The result should be an exact copy of the data, free of pictures.

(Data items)
-- Opening Marker --

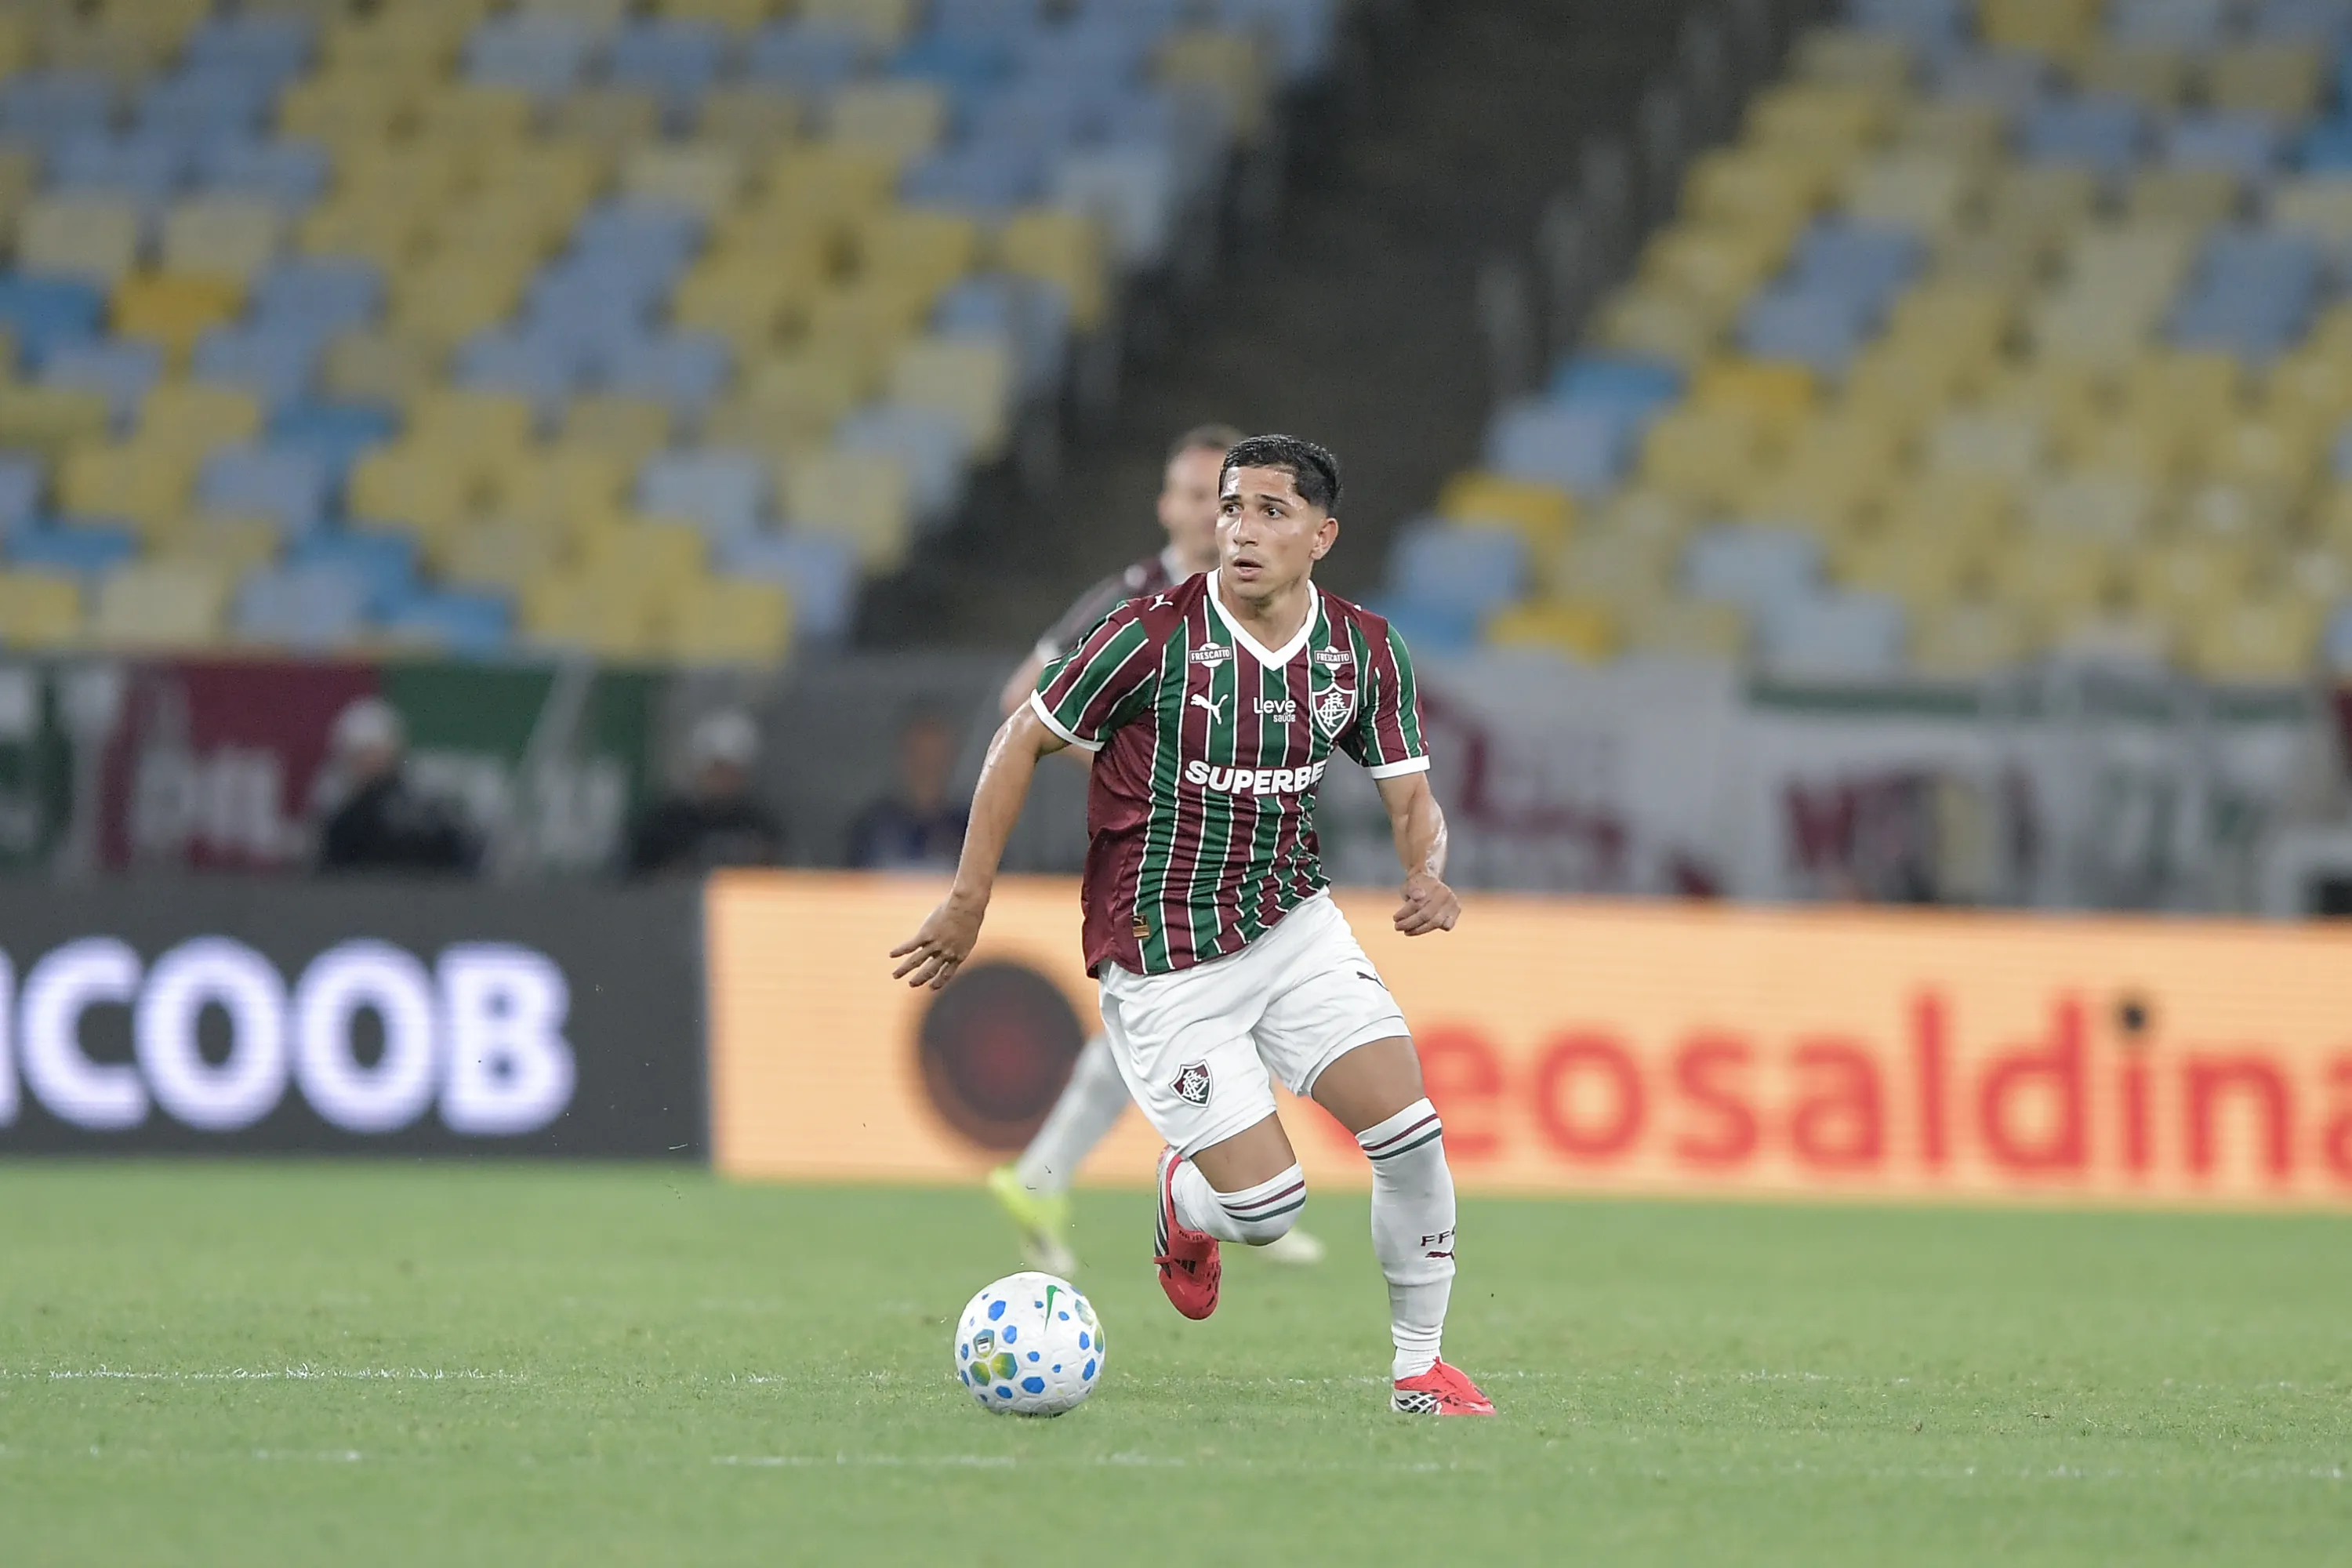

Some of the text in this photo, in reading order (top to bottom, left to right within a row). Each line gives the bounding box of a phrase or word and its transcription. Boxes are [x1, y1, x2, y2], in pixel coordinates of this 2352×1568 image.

[1191, 648, 1231, 661] FRESCATTO
[1253, 697, 1296, 714] Leve
[1325, 989, 2352, 1181] eosaldin
[1420, 1228, 1455, 1247] FF

-- Closing Marker --

(ANSWER AREA):
Some of the text in this photo, in reading order (top to bottom, left to right within a row). Each line gives the bounding box of a phrase or word and its transcription. Boxes are [x1, y1, x2, y2], in pixel coordinates of this 2352×1568 image.

[1191, 648, 1231, 661] FRESCATTO
[1253, 697, 1296, 714] Leve
[1325, 989, 2352, 1181] eosaldin
[1420, 1228, 1455, 1247] FF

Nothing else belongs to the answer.